Task to complete:
Every line of the data should be output word for word.

Source data:
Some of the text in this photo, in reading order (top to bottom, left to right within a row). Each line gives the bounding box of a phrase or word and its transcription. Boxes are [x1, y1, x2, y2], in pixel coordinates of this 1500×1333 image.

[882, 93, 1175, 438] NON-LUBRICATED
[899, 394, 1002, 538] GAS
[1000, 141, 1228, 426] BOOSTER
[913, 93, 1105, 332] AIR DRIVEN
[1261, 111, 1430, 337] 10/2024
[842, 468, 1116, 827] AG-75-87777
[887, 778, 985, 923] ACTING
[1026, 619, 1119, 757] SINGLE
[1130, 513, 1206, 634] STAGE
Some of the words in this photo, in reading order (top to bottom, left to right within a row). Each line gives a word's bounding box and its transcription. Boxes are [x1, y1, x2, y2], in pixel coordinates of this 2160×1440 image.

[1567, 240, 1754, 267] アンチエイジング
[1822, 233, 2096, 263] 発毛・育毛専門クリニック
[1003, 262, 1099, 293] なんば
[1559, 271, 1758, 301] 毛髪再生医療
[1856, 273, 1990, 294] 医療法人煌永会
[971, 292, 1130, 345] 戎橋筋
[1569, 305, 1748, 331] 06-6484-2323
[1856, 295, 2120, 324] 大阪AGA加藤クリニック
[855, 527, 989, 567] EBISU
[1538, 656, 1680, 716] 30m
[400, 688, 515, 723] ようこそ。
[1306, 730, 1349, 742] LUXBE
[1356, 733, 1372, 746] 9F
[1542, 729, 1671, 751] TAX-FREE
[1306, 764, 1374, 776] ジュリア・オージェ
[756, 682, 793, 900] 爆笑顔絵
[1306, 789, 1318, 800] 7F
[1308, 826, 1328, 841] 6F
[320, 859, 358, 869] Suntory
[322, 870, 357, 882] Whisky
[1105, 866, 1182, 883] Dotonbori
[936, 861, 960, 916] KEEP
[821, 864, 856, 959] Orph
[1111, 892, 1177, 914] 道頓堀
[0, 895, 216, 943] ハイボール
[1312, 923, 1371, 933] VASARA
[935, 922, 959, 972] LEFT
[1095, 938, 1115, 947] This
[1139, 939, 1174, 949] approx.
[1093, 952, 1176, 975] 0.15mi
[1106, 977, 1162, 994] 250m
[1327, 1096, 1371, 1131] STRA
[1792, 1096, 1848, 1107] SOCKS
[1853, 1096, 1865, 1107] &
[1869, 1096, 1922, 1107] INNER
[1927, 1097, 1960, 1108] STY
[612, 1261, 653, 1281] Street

Solution to this task:
Some of the text in this photo, in reading order (top to bottom, left to right within a row). Each line gives the bounding box of a phrase or word and its transcription. Boxes are [x1, y1, x2, y2], in pixel coordinates of this 1500×1333 image.

[882, 93, 1175, 438] NON-LUBRICATED
[899, 394, 1002, 538] GAS
[1000, 141, 1228, 426] BOOSTER
[913, 93, 1105, 332] AIR DRIVEN
[1261, 111, 1430, 337] 10/2024
[842, 468, 1116, 827] AG-75-87777
[887, 778, 985, 923] ACTING
[1026, 619, 1119, 757] SINGLE
[1130, 513, 1206, 634] STAGE
Some of the words in this photo, in reading order (top to bottom, left to right within a row). Each line gives a word's bounding box and its transcription. Boxes are [x1, y1, x2, y2], in pixel coordinates of this 2160×1440 image.

[1567, 240, 1754, 267] アンチエイジング
[1822, 233, 2096, 263] 発毛・育毛専門クリニック
[1003, 262, 1099, 293] なんば
[1559, 271, 1758, 301] 毛髪再生医療
[1856, 273, 1990, 294] 医療法人煌永会
[971, 292, 1130, 345] 戎橋筋
[1569, 305, 1748, 331] 06-6484-2323
[1856, 295, 2120, 324] 大阪AGA加藤クリニック
[855, 527, 989, 567] EBISU
[1538, 656, 1680, 716] 30m
[400, 688, 515, 723] ようこそ。
[1306, 730, 1349, 742] LUXBE
[1356, 733, 1372, 746] 9F
[1542, 729, 1671, 751] TAX-FREE
[1306, 764, 1374, 776] ジュリア・オージェ
[756, 682, 793, 900] 爆笑顔絵
[1306, 789, 1318, 800] 7F
[1308, 826, 1328, 841] 6F
[320, 859, 358, 869] Suntory
[322, 870, 357, 882] Whisky
[1105, 866, 1182, 883] Dotonbori
[936, 861, 960, 916] KEEP
[821, 864, 856, 959] Orph
[1111, 892, 1177, 914] 道頓堀
[0, 895, 216, 943] ハイボール
[1312, 923, 1371, 933] VASARA
[935, 922, 959, 972] LEFT
[1095, 938, 1115, 947] This
[1139, 939, 1174, 949] approx.
[1093, 952, 1176, 975] 0.15mi
[1106, 977, 1162, 994] 250m
[1327, 1096, 1371, 1131] STRA
[1792, 1096, 1848, 1107] SOCKS
[1853, 1096, 1865, 1107] &
[1869, 1096, 1922, 1107] INNER
[1927, 1097, 1960, 1108] STY
[612, 1261, 653, 1281] Street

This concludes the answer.